According to Caroline Kanter, Director of Representation in Italy Konrad-Adenauer-Stiftung, “we have to look forward, leaving behind misunderstandings. A strong and self-confident Europe is needed", In this context, the dialogue between Germany and Italy plays a key role.

At the beginning of this crisis "there were misunderstandings in the relations between European countries, but we got through them and we understood that only united we are strong", Andreas Schwab, MEP of the CDU - EPP Group, said.

Marian Wendt, Member of the Italian-German Parliamentary Group, President of the Petitions Commission, Bundestag, said: “we have learned that we can only move forward together in Europe. We now have a greater awareness of Europe and we must continue to address concrete issues: find financing solutions for the economy and the health system. Germany is willing to help substantially".

A solution proposed by Wendt is to drastically speed up "the administrative process for accessing Recovery Fund’s resources, making sure that these will reach the beneficiaries directly: if we manage to make this mechanism work, the perception that citizens have of the EU will also change" .

At the same time, Europe must become "independent of the Chinese market" and to do so "we therefore need a common market”, he ended.

Antonio Tajani, President of the Institutional Affairs Commission of the European Parliament agreed on this point: "to protect our interests, including economic ones, we will have to deal with Russia, China, India. So we have to strengthen the transatlantic alliance with United States".

"We need a political strategy: the first major reform is political Europe. Either we do it all together or we’ll never be anything more than marginal”, Tajani underlined.

He recalled the document drawn up by Confindustria, BDI and Medef to address the economic and social shock caused by the coronavirus emergency: "The EU must mobilize to support industry and real economy. We can only do this through the Recovery Fund. European Parliament insists on the role of the Recovery Plan to support real economy through loans and contributions. And we’ll have to use also SURE, EIB and ESM".

The role of information to overcome the short circuit on the perception of Europe

According to Giampiero Gramaglia, Journalist, former ANSA Director and correspondent from Brussels, two moments of this crisis should have build a better idea of Europe: “the first one was linked to the health crisis, during which we felt the lack of European action, because the EU has no powers in health sector; the second moment is connected to the economic impact of this crisis: Europe has done faster and more than in the past".

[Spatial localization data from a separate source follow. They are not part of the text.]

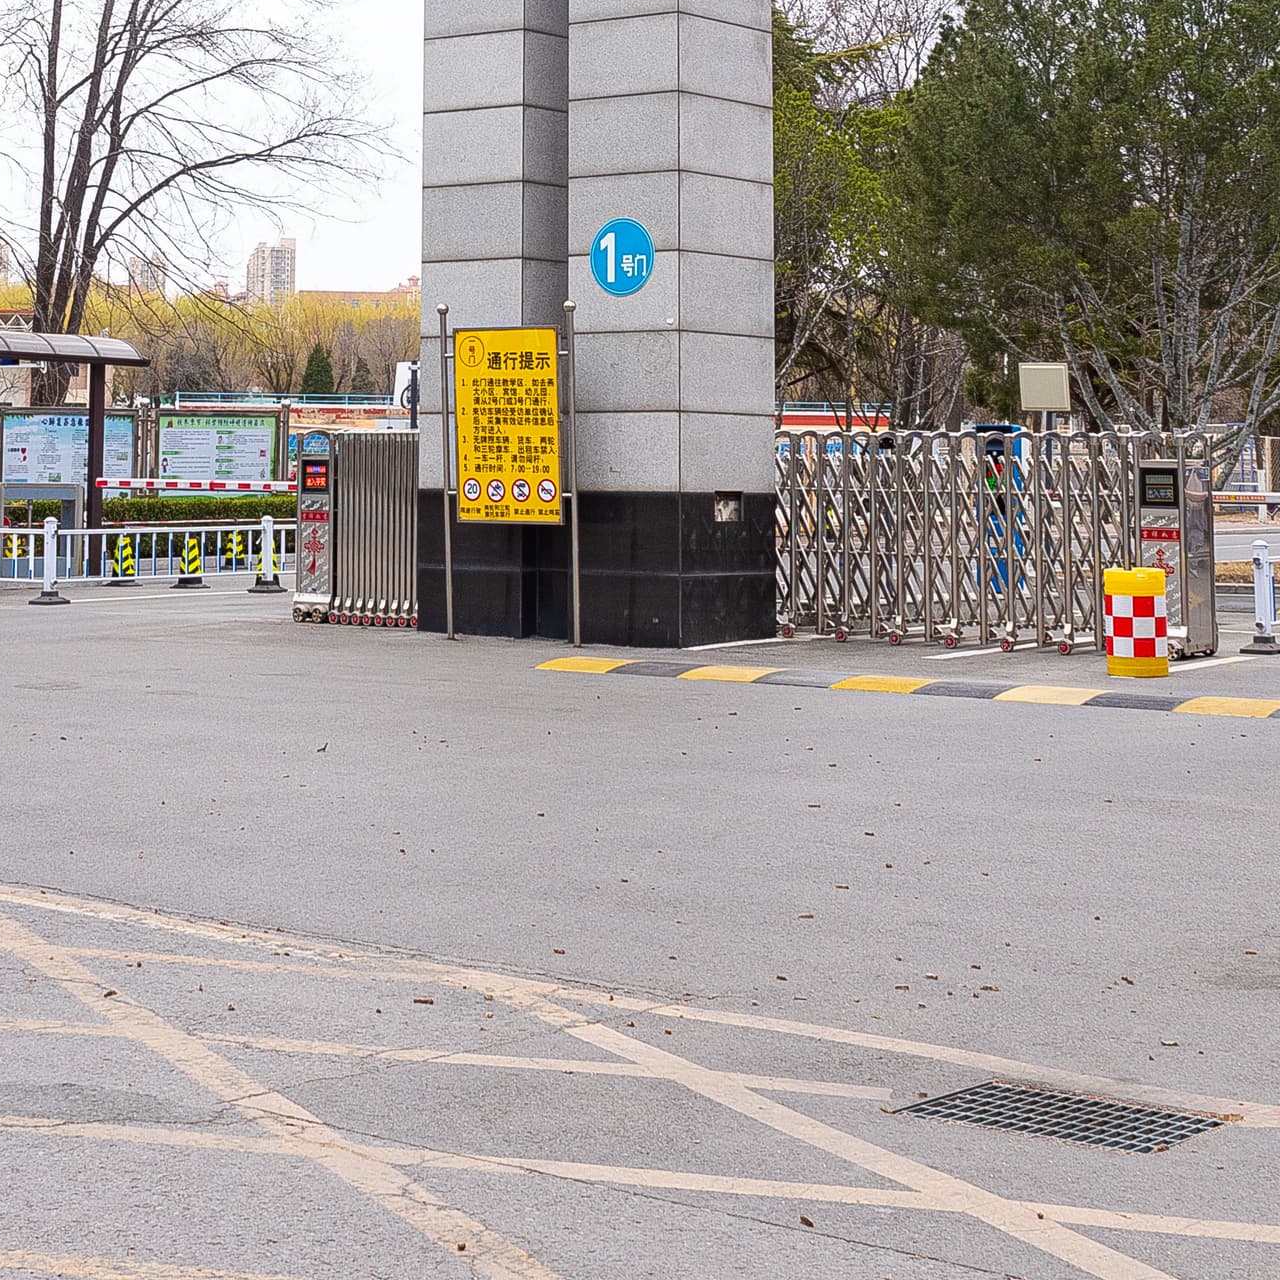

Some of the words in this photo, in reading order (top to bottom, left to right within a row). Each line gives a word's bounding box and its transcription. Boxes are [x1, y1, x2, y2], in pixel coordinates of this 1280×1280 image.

[599, 231, 647, 284] 1号门
[487, 351, 551, 371] 通行提示
[467, 483, 478, 495] 20
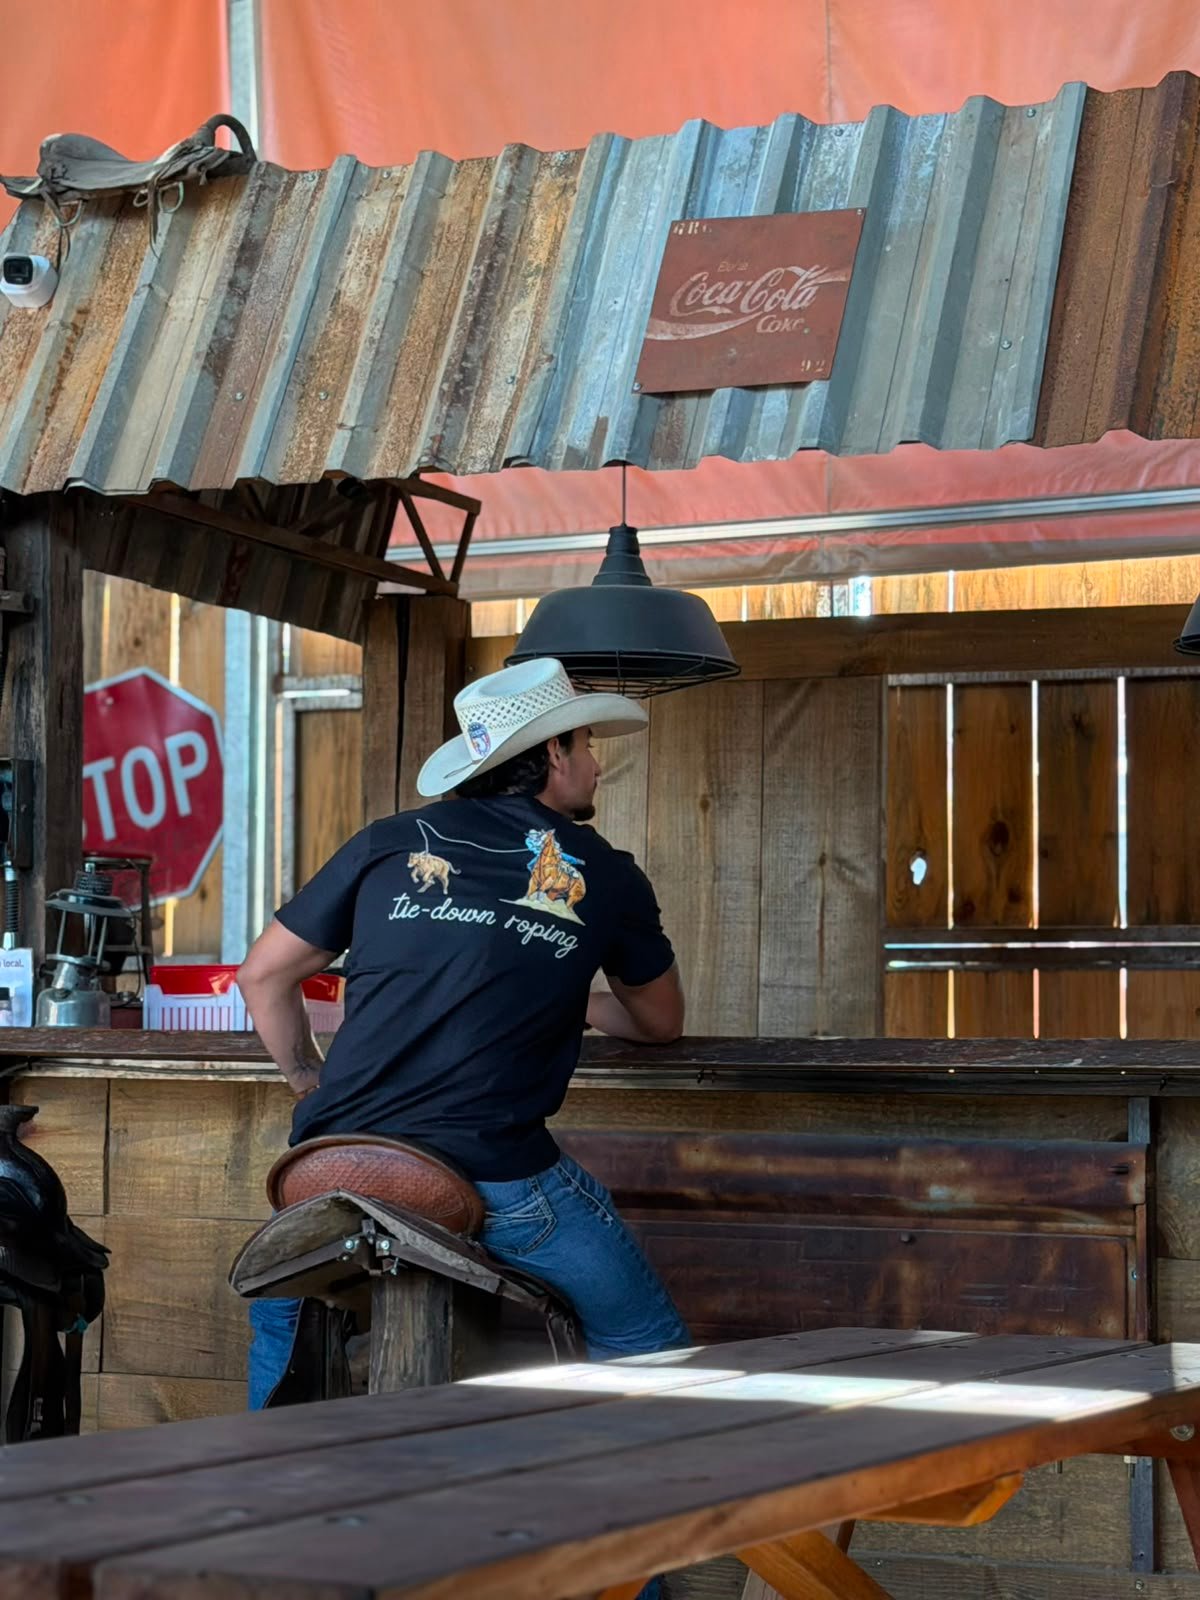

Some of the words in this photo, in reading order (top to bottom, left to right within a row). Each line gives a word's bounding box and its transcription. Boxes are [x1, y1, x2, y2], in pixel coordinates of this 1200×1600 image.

[670, 264, 828, 316] Coca-Cola
[83, 730, 208, 842] TOP
[388, 893, 496, 925] tie-down
[504, 915, 579, 958] roping
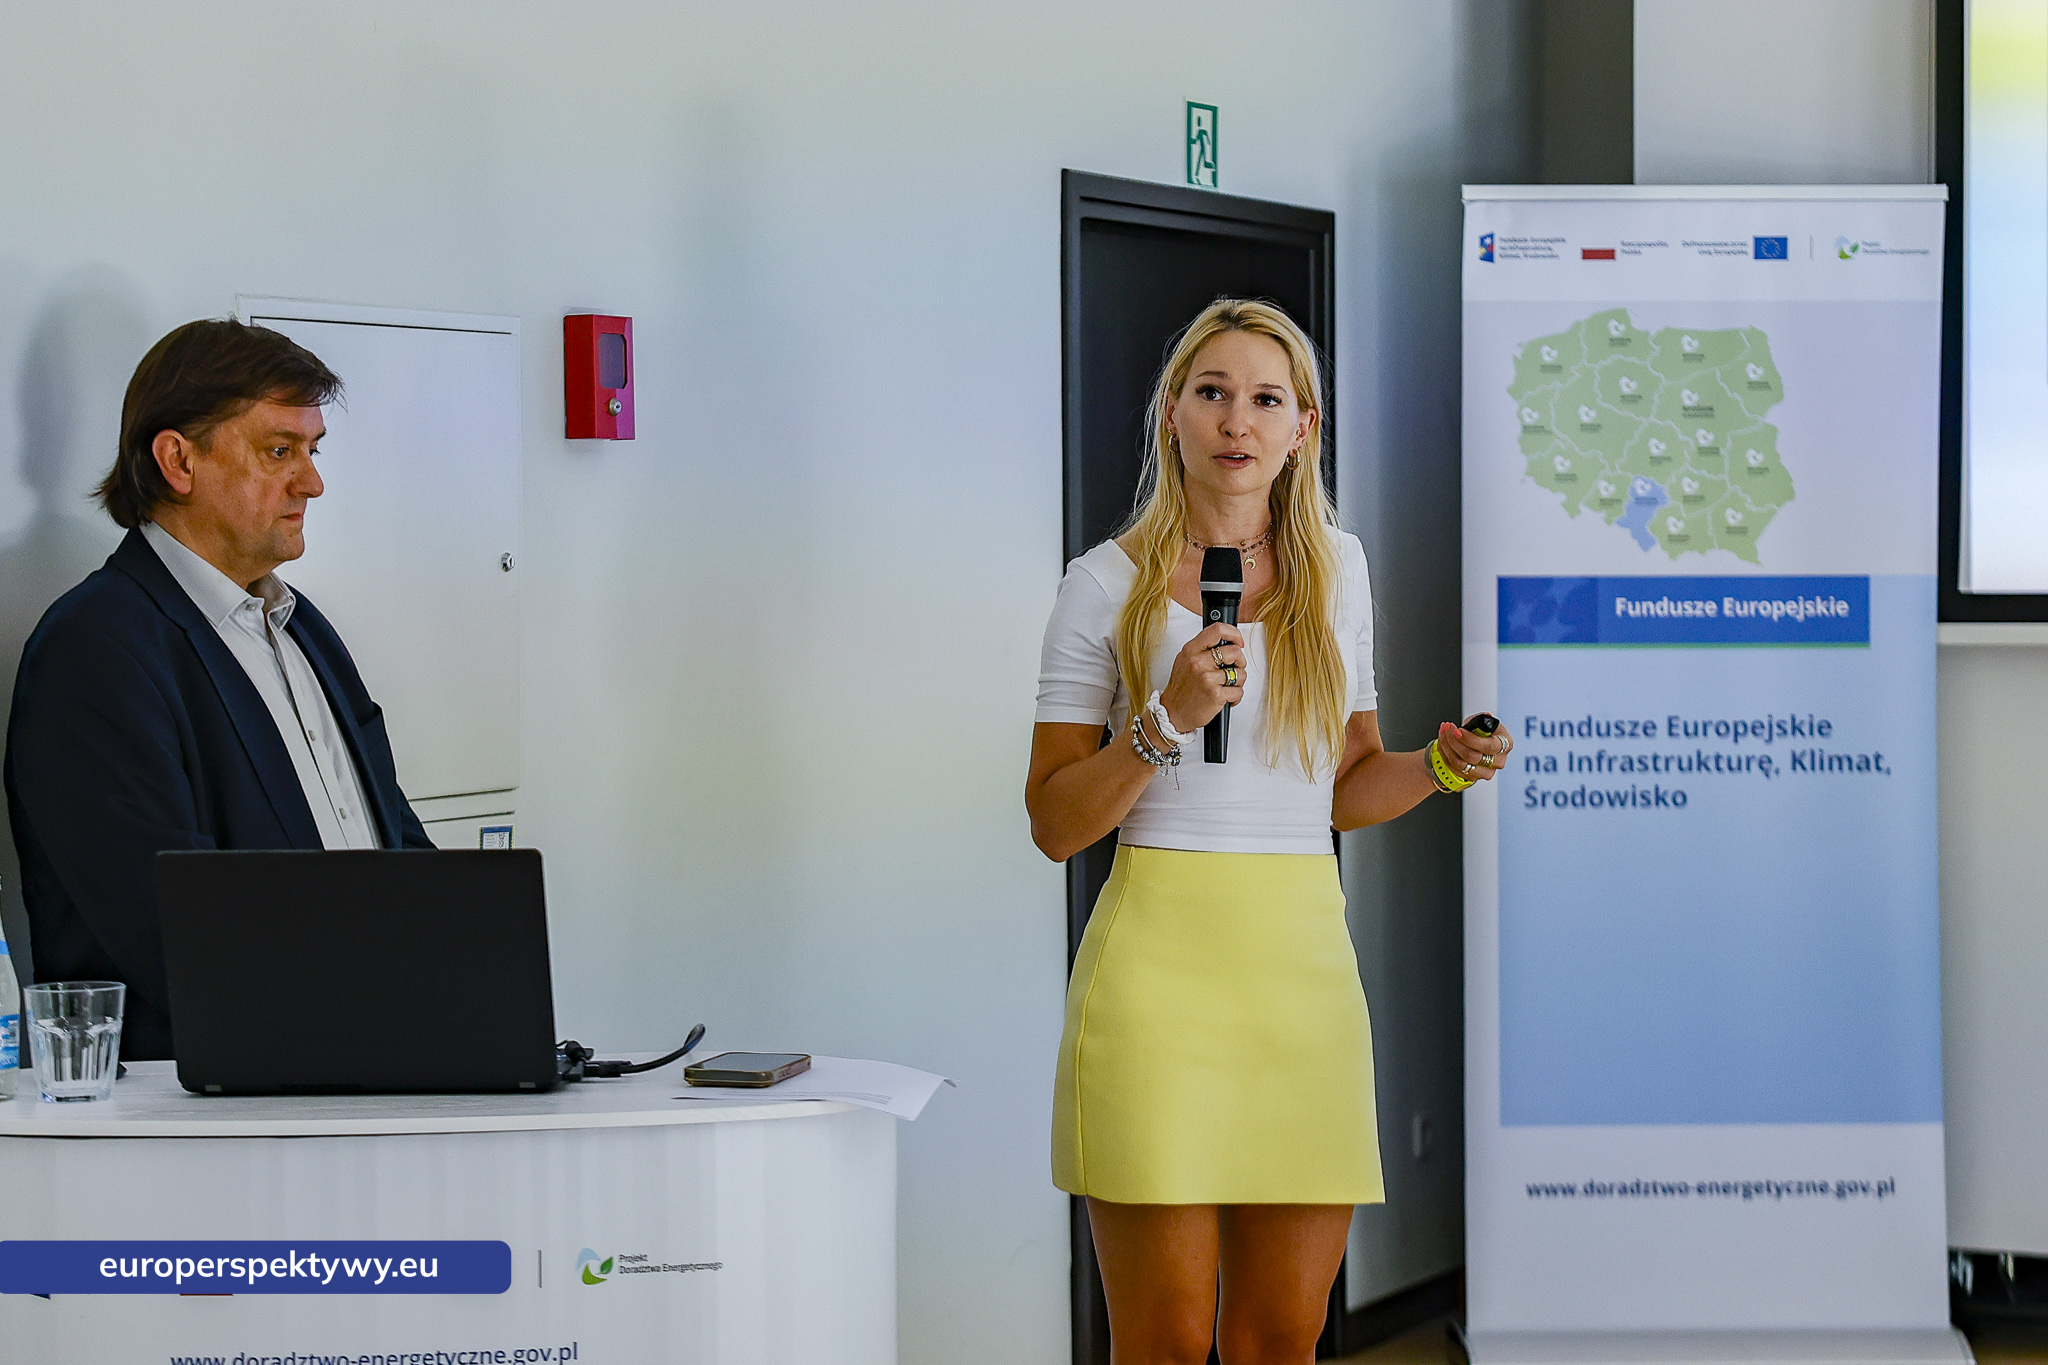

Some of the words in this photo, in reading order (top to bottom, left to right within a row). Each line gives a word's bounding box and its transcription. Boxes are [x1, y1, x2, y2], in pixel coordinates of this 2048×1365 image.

[1615, 596, 1718, 618] Fundusze
[1723, 596, 1850, 623] Europejskie
[1525, 715, 1658, 740] Fundusze
[1668, 713, 1834, 745] Europejskie
[1525, 755, 1558, 774] na
[1568, 750, 1781, 779] Infrastrukturę,
[1792, 749, 1892, 777] Klimat,
[1525, 780, 1689, 810] Środowisko
[619, 1254, 648, 1264] Projekt
[170, 1342, 578, 1365] wwwdoradztwo-energetyczne.gov.pl
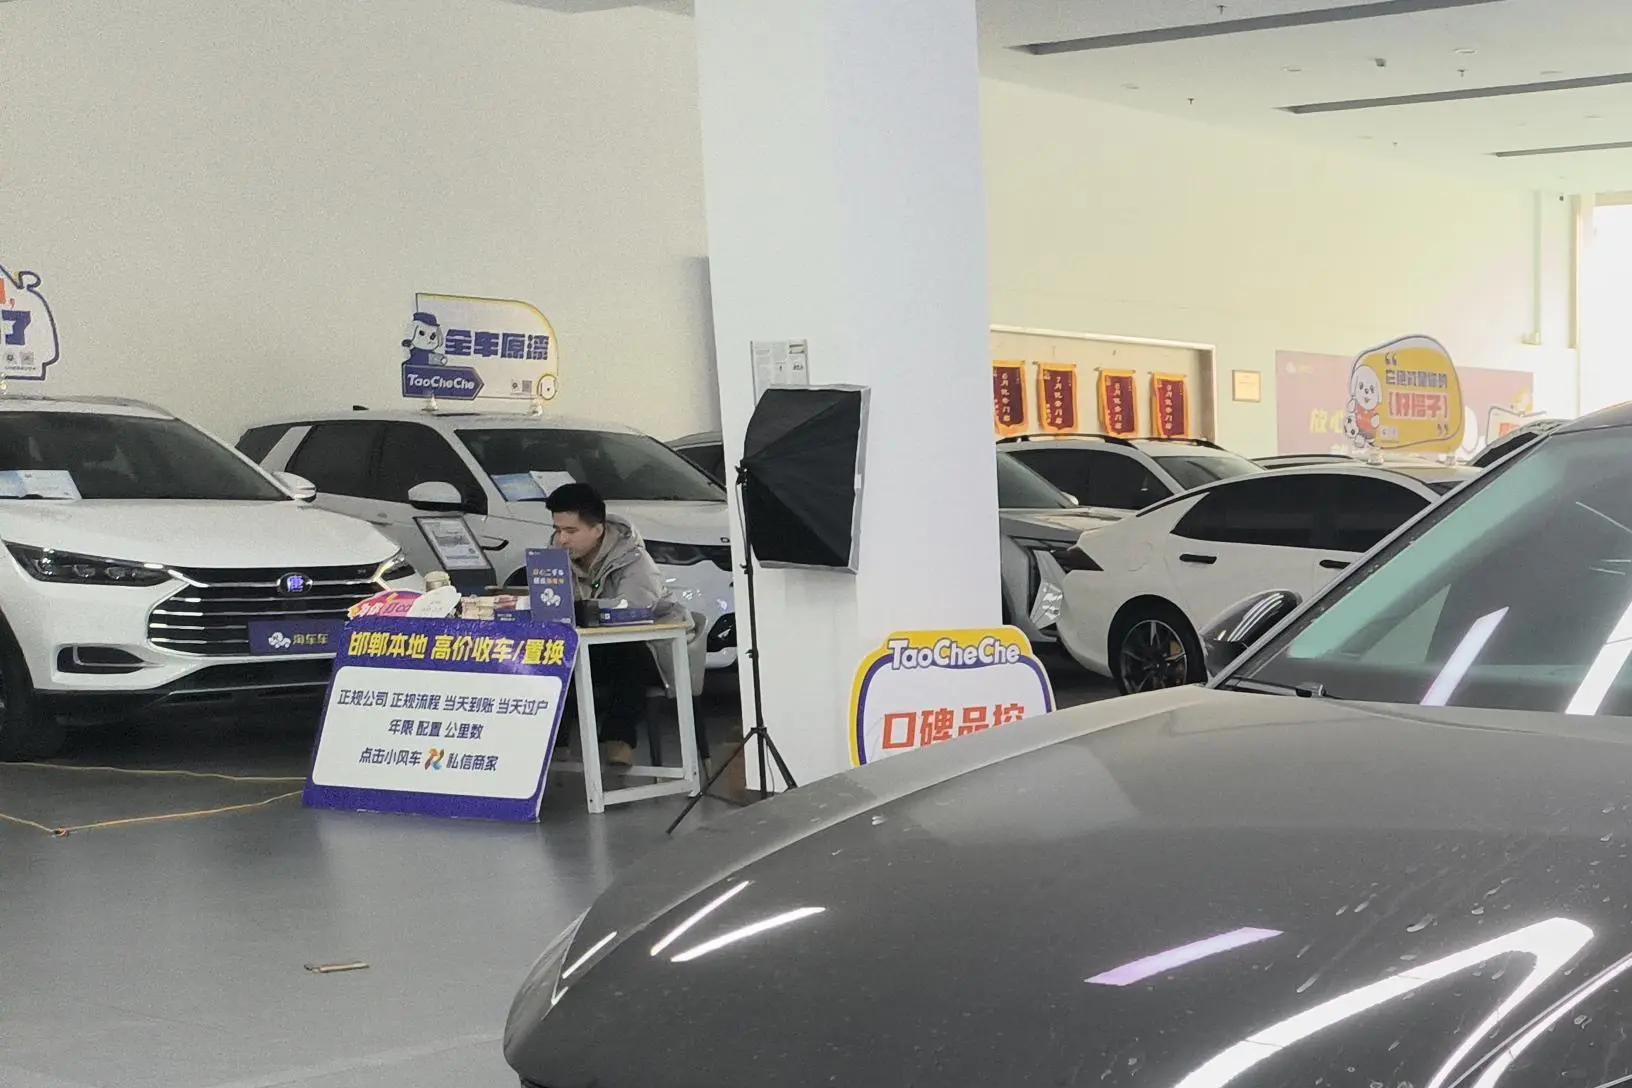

"Yet Italians have the impression that they received more help by countries that have sent doctors and intervention tools. But it is not comparable to the billions mobilized by the EU through SURE, ESM and Recovery Fund ".

Information is partly responsible for this contradiction, he added. But at the same time "the background noise of Italian political debate sometimes prevents us from hearing the clearer sound of the European intervention". The important thing now is not "getting bogged down in European debates and long term decisions”.